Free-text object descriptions
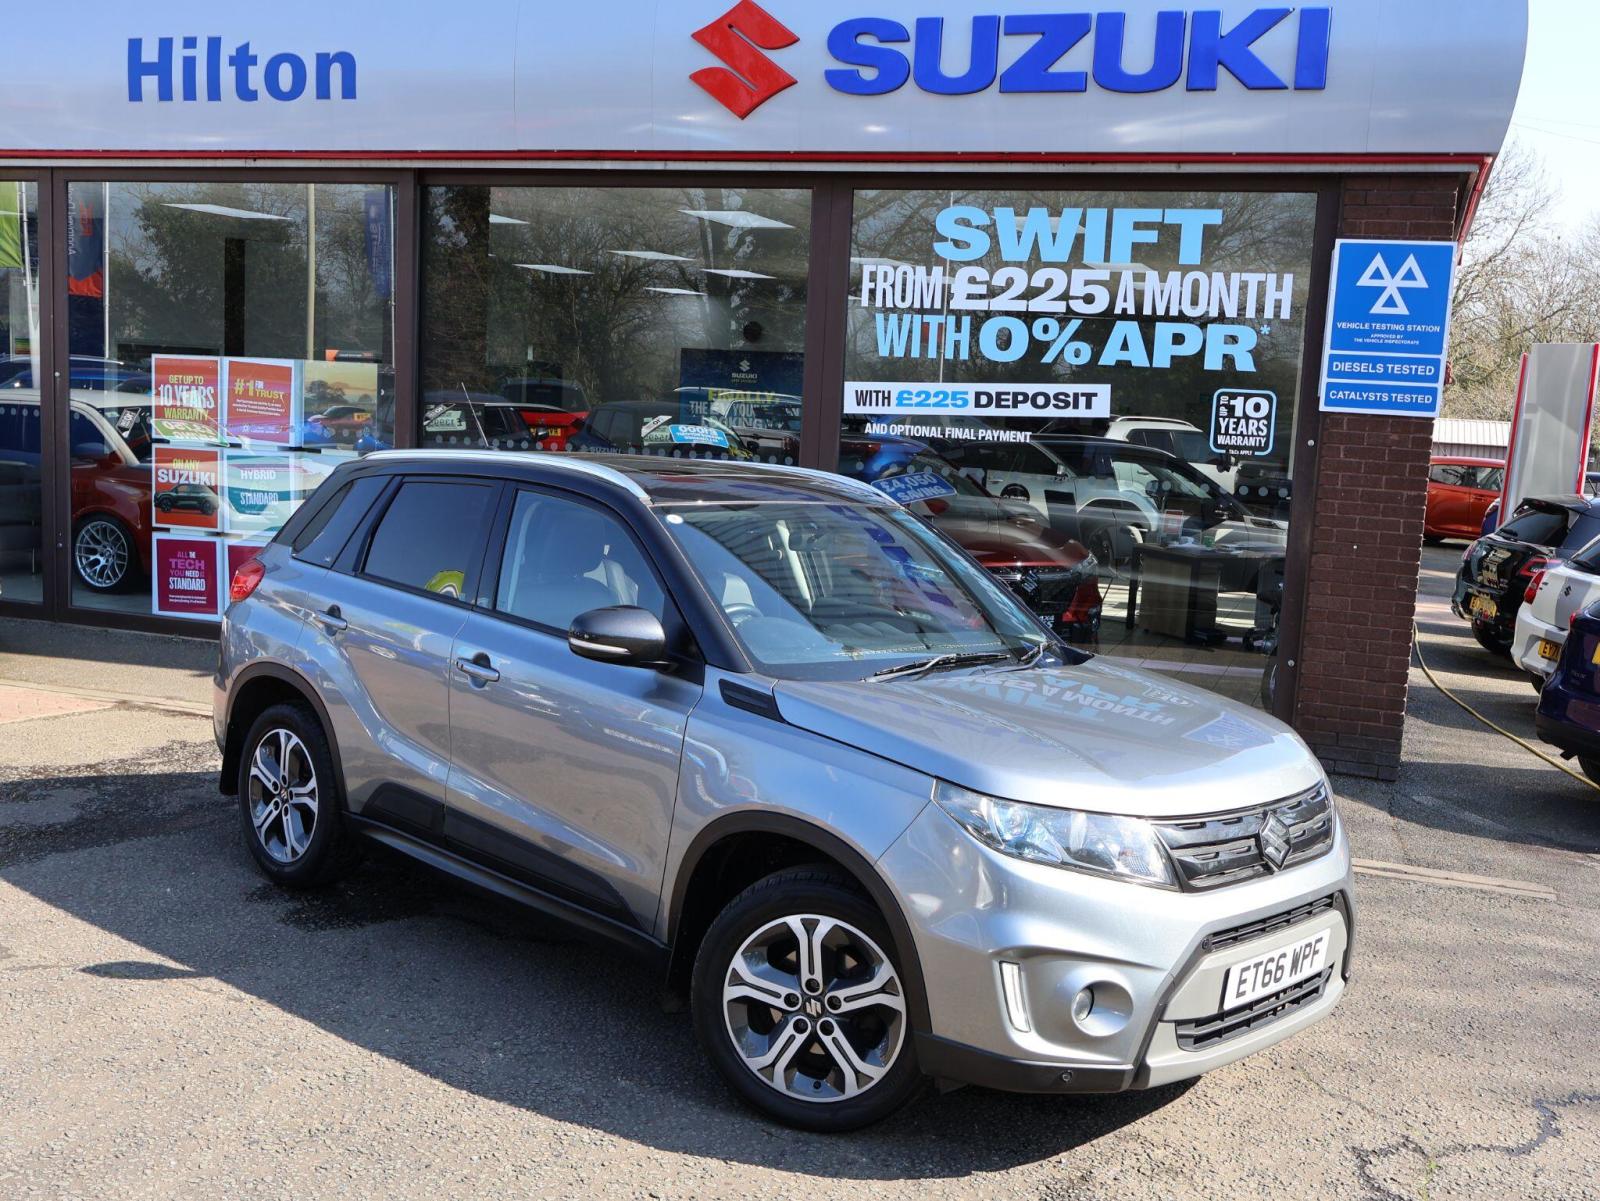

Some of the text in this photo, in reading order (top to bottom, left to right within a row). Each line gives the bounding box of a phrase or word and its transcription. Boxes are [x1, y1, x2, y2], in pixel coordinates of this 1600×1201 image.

[824, 7, 1333, 95] SUZUKI
[127, 36, 357, 102] Hilton
[933, 205, 1223, 265] SWIFT
[861, 264, 1294, 320] FROM £225 A MONTH
[1336, 321, 1441, 333] VEHICLE TESTING STATION
[875, 313, 970, 360] WITH
[979, 317, 1092, 365] 0%
[1332, 361, 1435, 375] DIESELS TESTED
[168, 374, 204, 385] GET UP TO
[234, 378, 254, 396] #1
[159, 384, 173, 407] 10
[174, 385, 215, 409] YEARS
[256, 389, 285, 400] TRUST
[855, 389, 1099, 411] WITH £225 DEPOSIT
[1329, 390, 1433, 404] CATALYSTS TESTED
[164, 407, 210, 421] WARRANTY
[1218, 395, 1229, 417] UP TO
[1229, 396, 1270, 418] 10
[864, 423, 1033, 443] AND OPTIONAL FINAL PAYMENT
[1219, 417, 1268, 436] YEARS
[1217, 434, 1266, 447] WARRANTY
[157, 469, 216, 486] SUZUKI
[240, 469, 276, 480] HYBRID
[880, 472, 939, 493] £4,050
[240, 491, 279, 505] STANDARD
[897, 485, 947, 501] SAVING
[177, 551, 189, 559] ALL
[169, 558, 205, 570] TECH
[170, 569, 185, 577] YOU
[169, 577, 206, 591] STANDARD
[1236, 936, 1323, 999] ET66 WPF
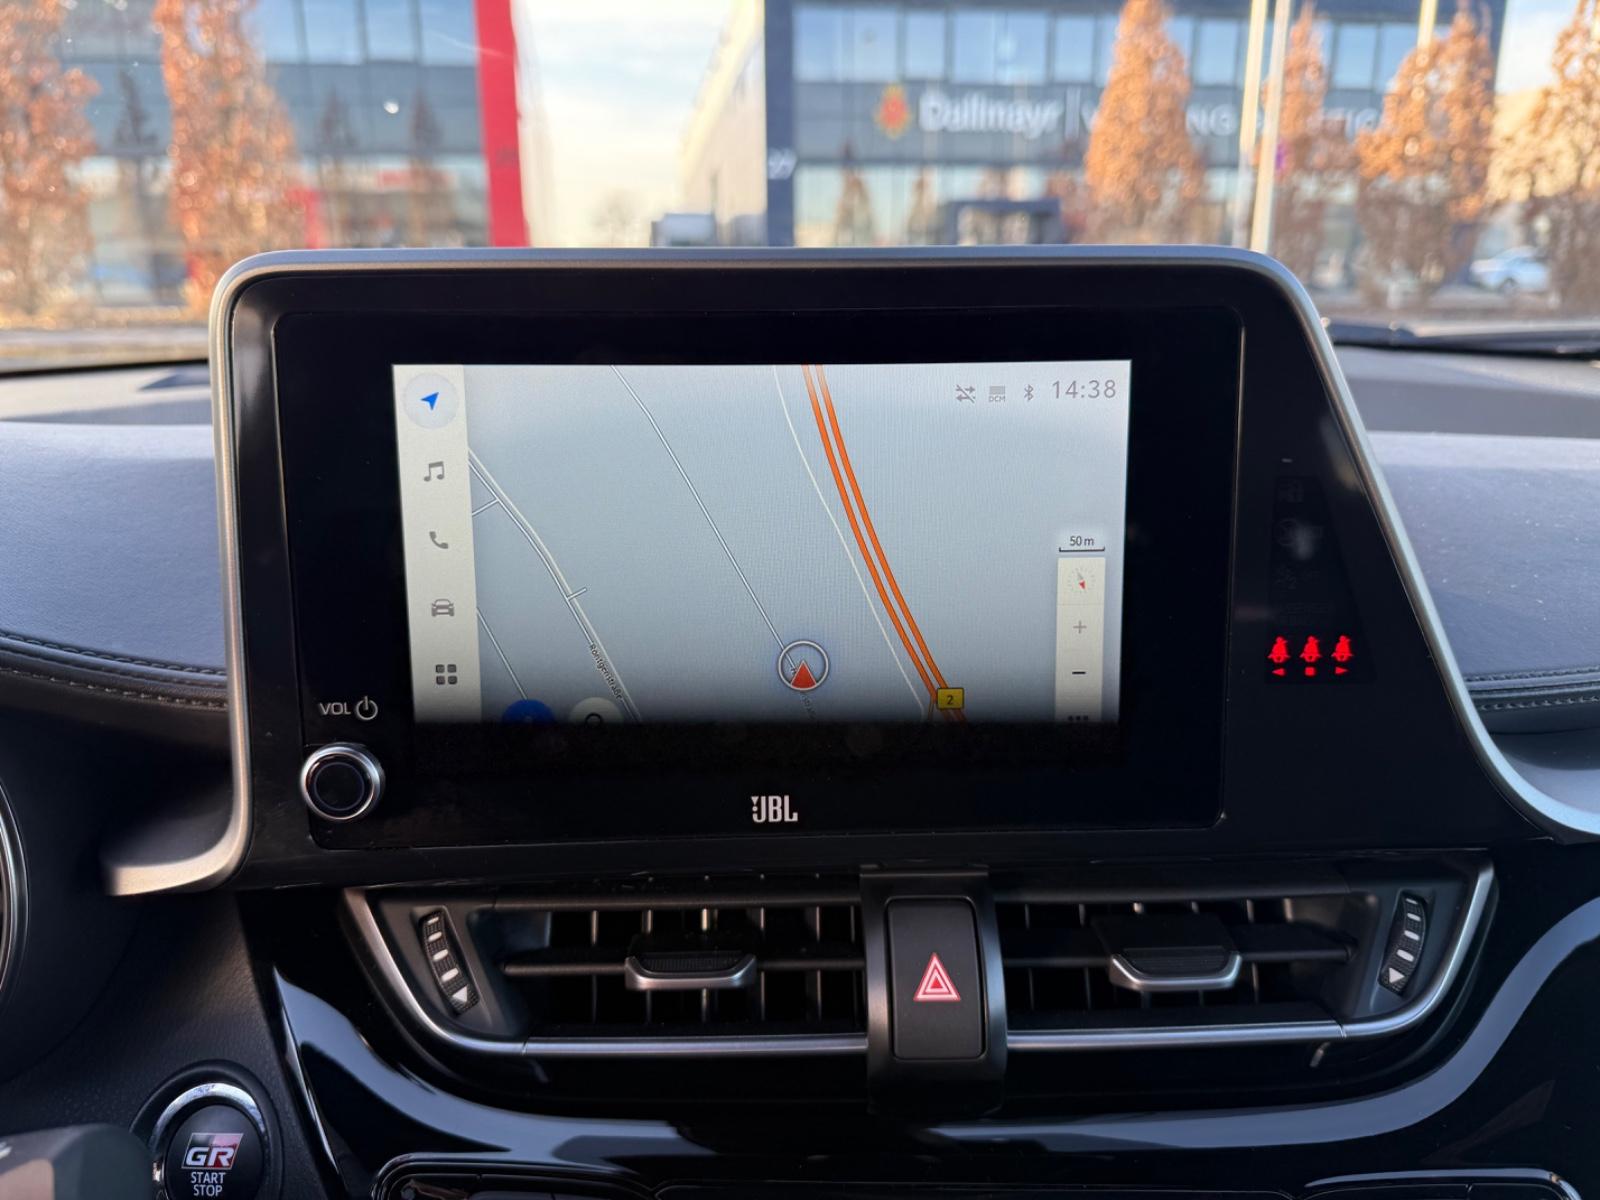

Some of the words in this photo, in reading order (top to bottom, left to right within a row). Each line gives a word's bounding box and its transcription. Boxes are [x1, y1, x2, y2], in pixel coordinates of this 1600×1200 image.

[919, 92, 1062, 138] Dallmayr
[1052, 379, 1117, 399] 14:38
[988, 395, 1006, 403] DCM
[1069, 535, 1082, 547] 50
[1083, 538, 1095, 547] m
[946, 694, 955, 706] 2
[319, 702, 352, 716] VOL
[751, 794, 799, 823] JBL
[185, 1146, 235, 1167] GR
[190, 1171, 226, 1185] START
[193, 1184, 223, 1197] STOP
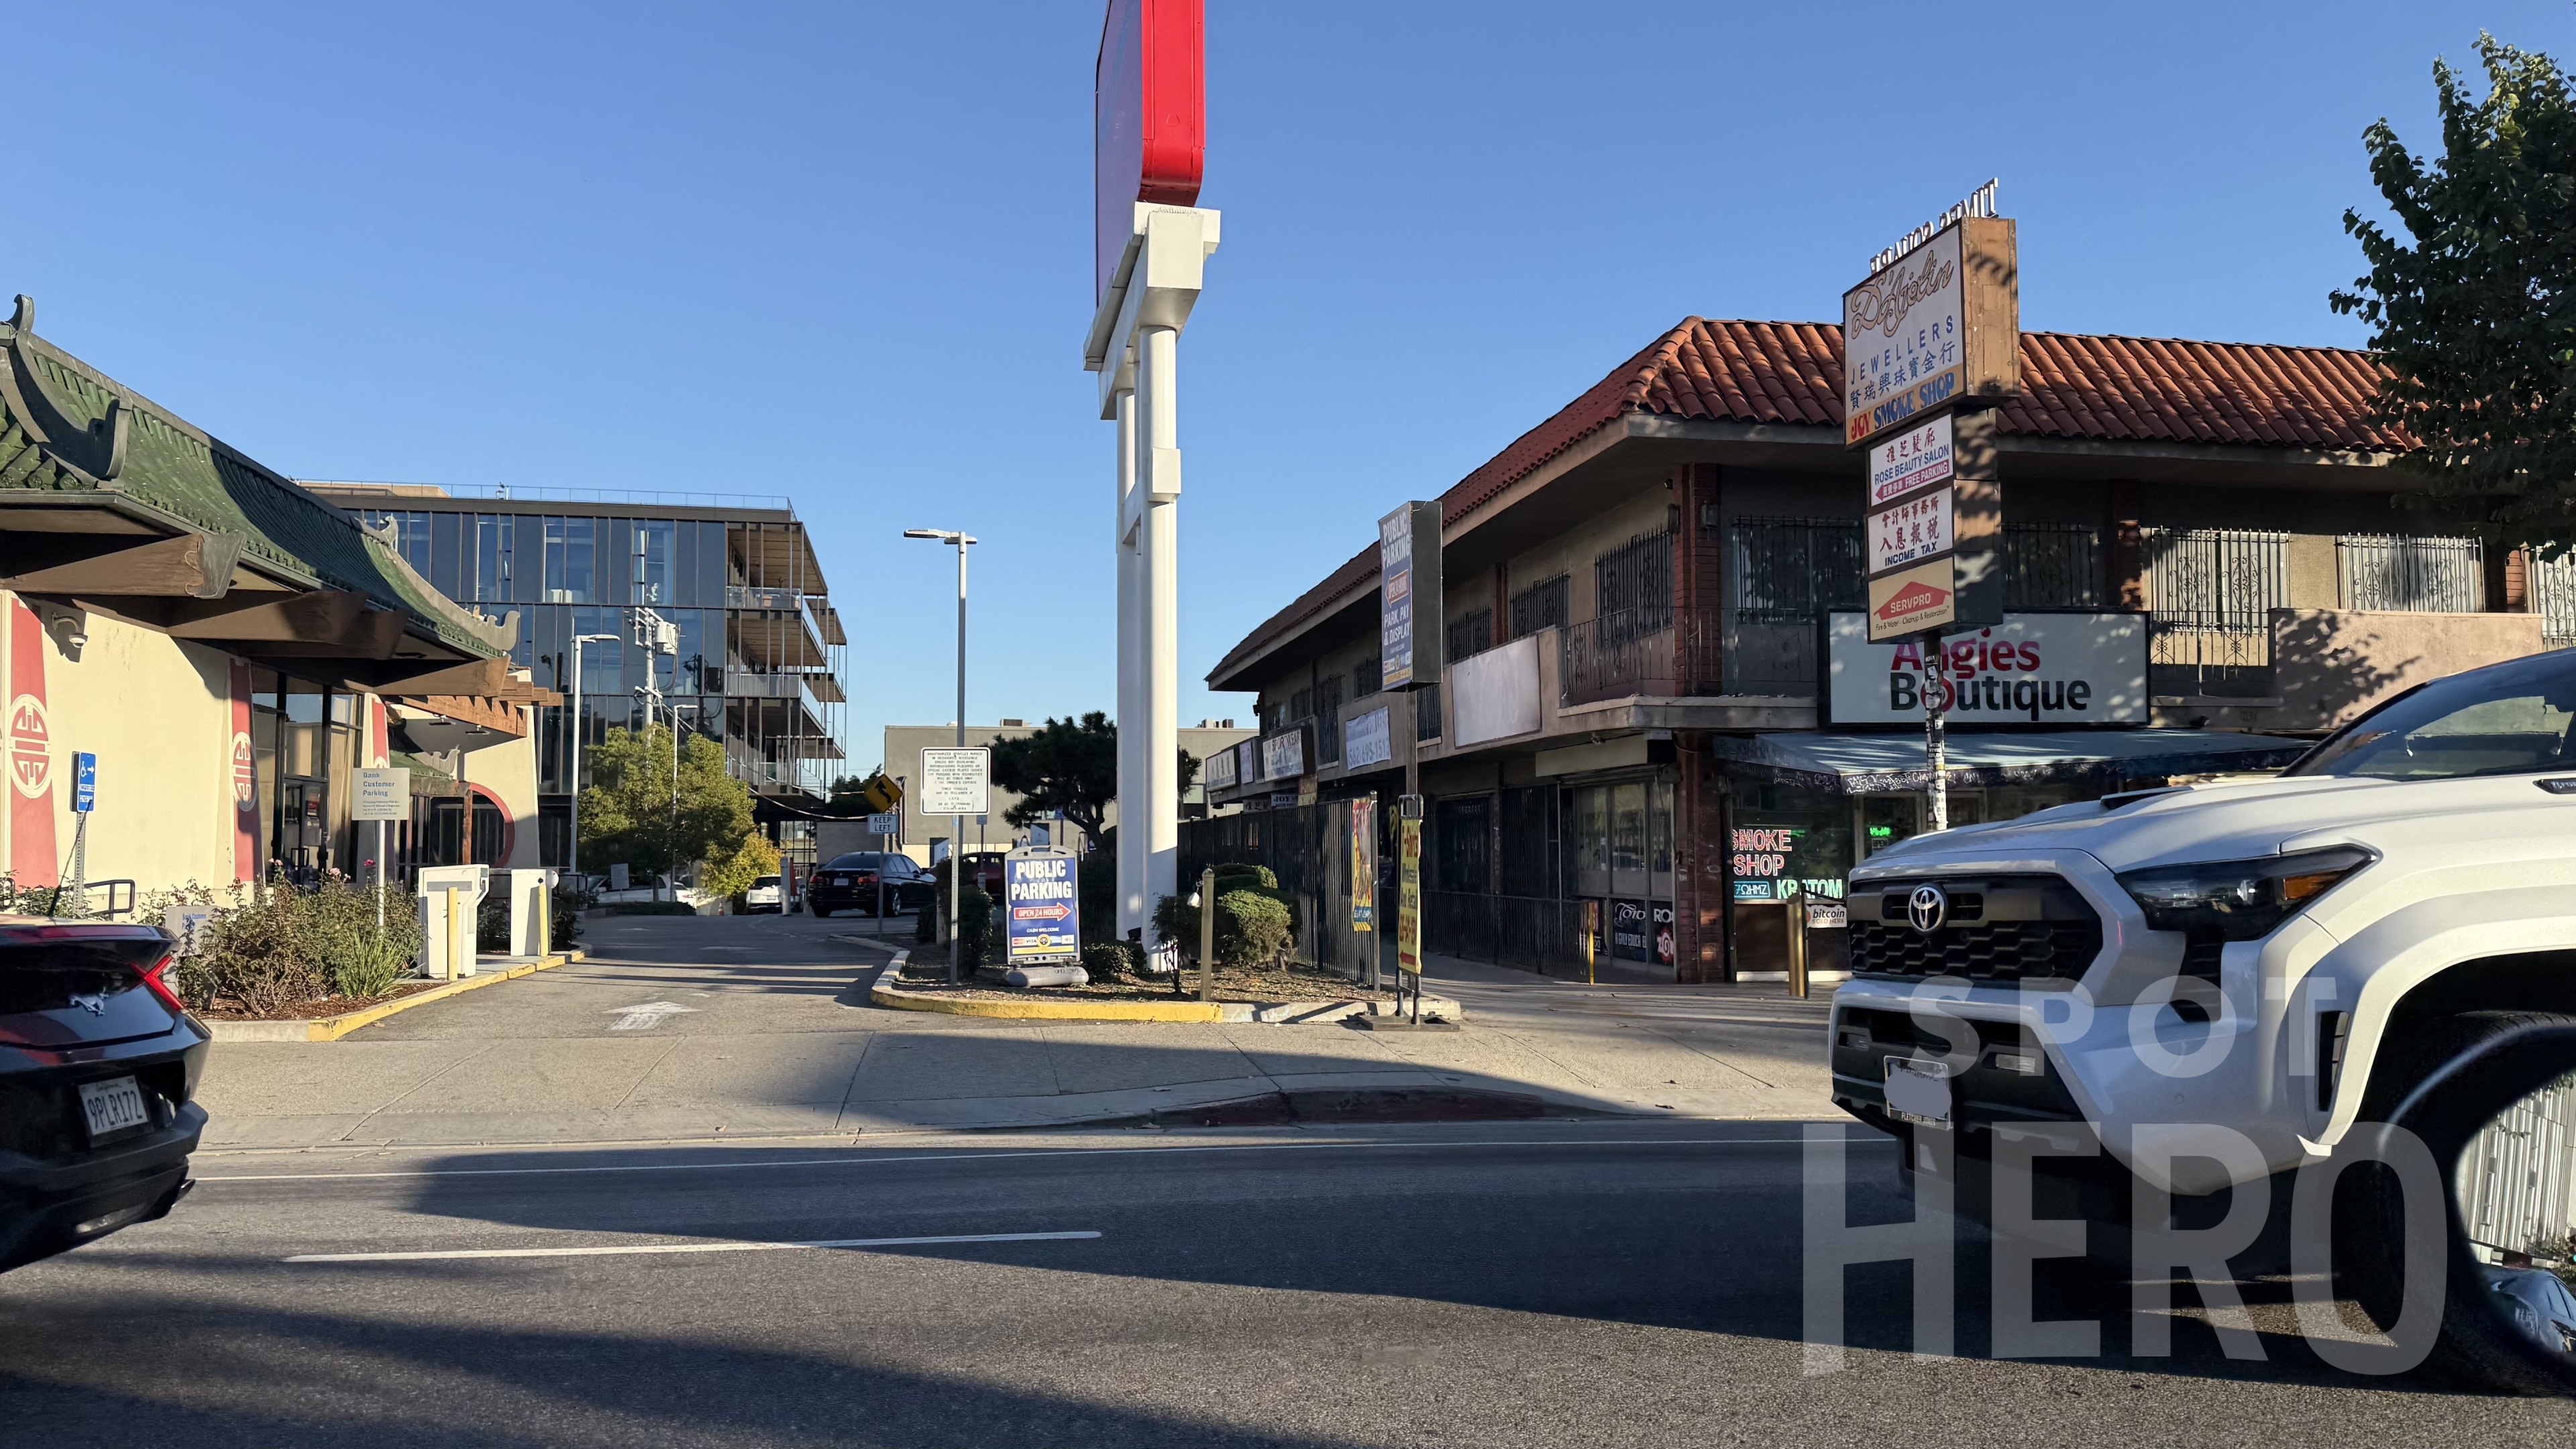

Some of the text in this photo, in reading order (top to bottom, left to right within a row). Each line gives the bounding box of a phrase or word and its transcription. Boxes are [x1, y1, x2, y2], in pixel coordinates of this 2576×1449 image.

→ Work task
The lines wanted run from the line containing "Some of the words" through the end of the entries; return them exactly, both ends included, and keep pictures out.

→ Output for this exercise
Some of the words in this photo, in reading order (top to bottom, left to right within a row). Each line gives a word's bounding box and its transcription. Boxes are [x1, y1, x2, y2], in pixel coordinates of this 1600×1200 image.

[919, 92, 1062, 138] Dallmayr
[1052, 379, 1117, 399] 14:38
[988, 395, 1006, 403] DCM
[1069, 535, 1082, 547] 50
[1083, 538, 1095, 547] m
[946, 694, 955, 706] 2
[319, 702, 352, 716] VOL
[751, 794, 799, 823] JBL
[185, 1146, 235, 1167] GR
[190, 1171, 226, 1185] START
[193, 1184, 223, 1197] STOP

Some of the text in this photo, in reading order (top to bottom, left to right within a row). Each line gives the bounding box of a phrase or word and its transcription. Boxes are [x1, y1, x2, y2], in pixel coordinates of this 2576×1449 image.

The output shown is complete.